Although the entries contain pictures, write out only their text, exactly as it stands.
___ Information
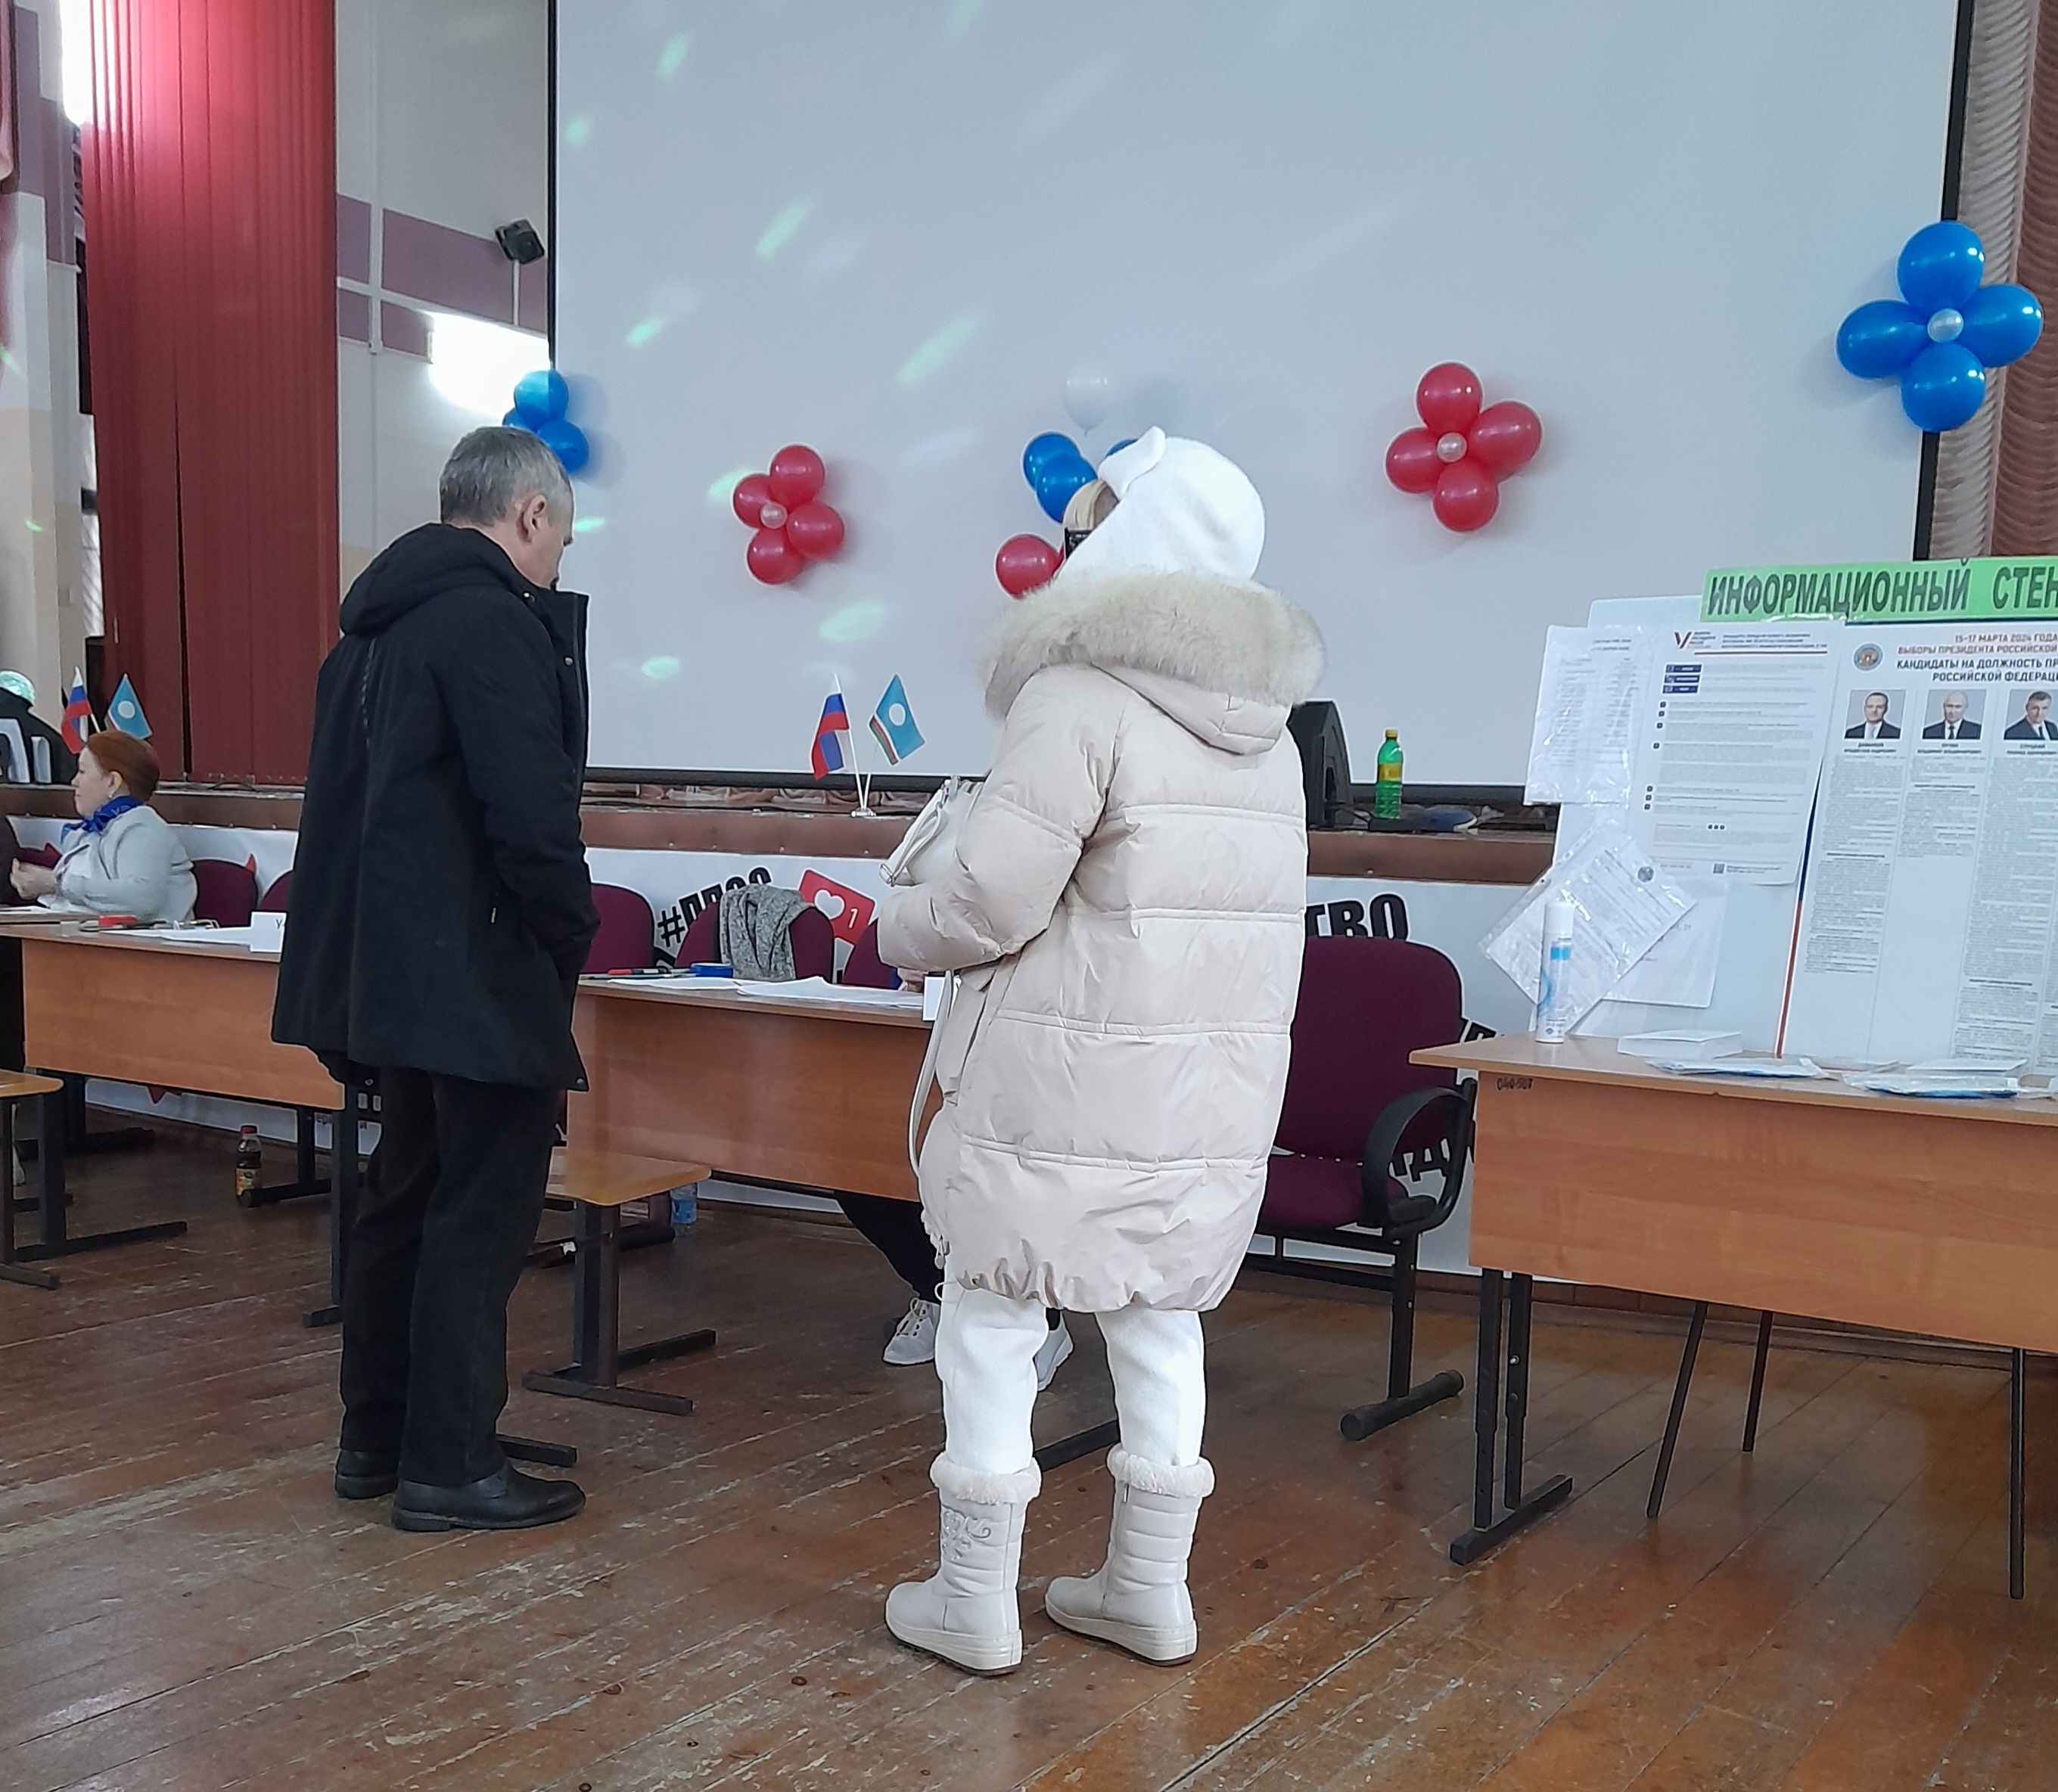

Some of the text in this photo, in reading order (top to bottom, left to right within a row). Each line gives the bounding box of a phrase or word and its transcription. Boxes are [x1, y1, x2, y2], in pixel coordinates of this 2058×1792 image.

[1708, 558, 2058, 616] ИНФОРМАЦИОННЫЙ СТЕН
[1955, 632, 2058, 643] 15-17 МАРТА 2024 ГОДА
[1898, 643, 2058, 654] ВЫБОРЫ ПРЕЗИДЕНТА РОССИЙСКОЙ
[1897, 659, 1959, 669] КАНДИДАТЫ
[1961, 659, 1974, 668] НА
[1976, 658, 2042, 669] ДОЛЖНОСТЬ
[1932, 669, 2002, 682] РОССИЙСКОЙ
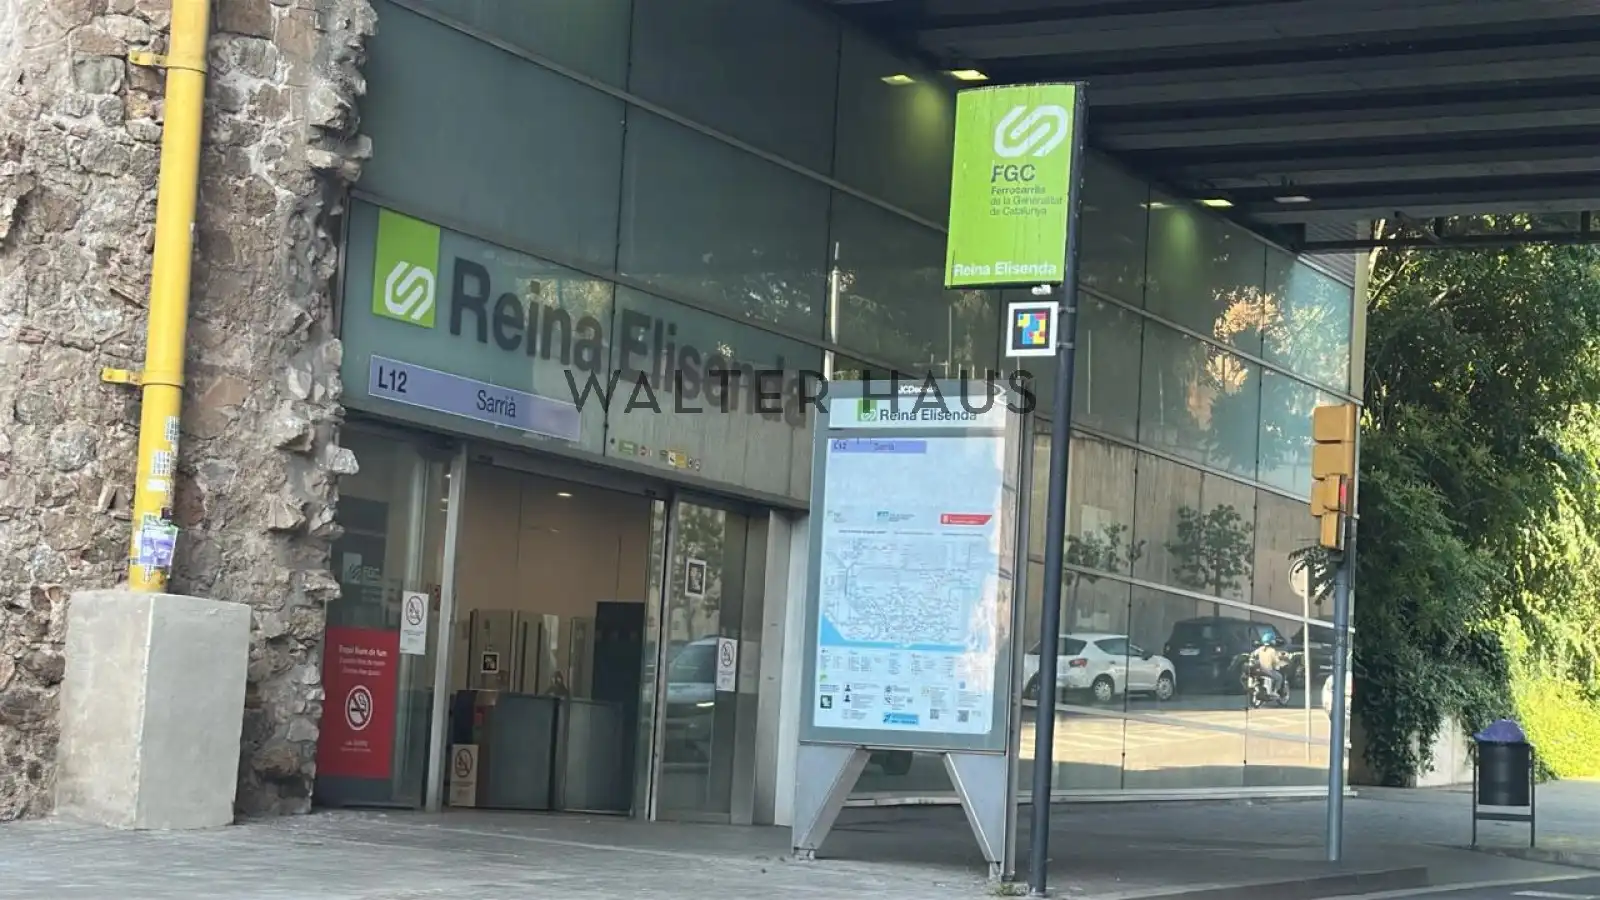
______
Exercise response:
Some of the text in this photo, in reading order (top to bottom, left to right within a row). Each line gives the bounding box of a phrase or word and its transcription. Boxes are [x1, y1, x2, y2], in pixel coordinates of this 2058×1792 image.

[1708, 558, 2058, 616] ИНФОРМАЦИОННЫЙ СТЕН
[1955, 632, 2058, 643] 15-17 МАРТА 2024 ГОДА
[1898, 643, 2058, 654] ВЫБОРЫ ПРЕЗИДЕНТА РОССИЙСКОЙ
[1897, 659, 1959, 669] КАНДИДАТЫ
[1961, 659, 1974, 668] НА
[1976, 658, 2042, 669] ДОЛЖНОСТЬ
[1932, 669, 2002, 682] РОССИЙСКОЙ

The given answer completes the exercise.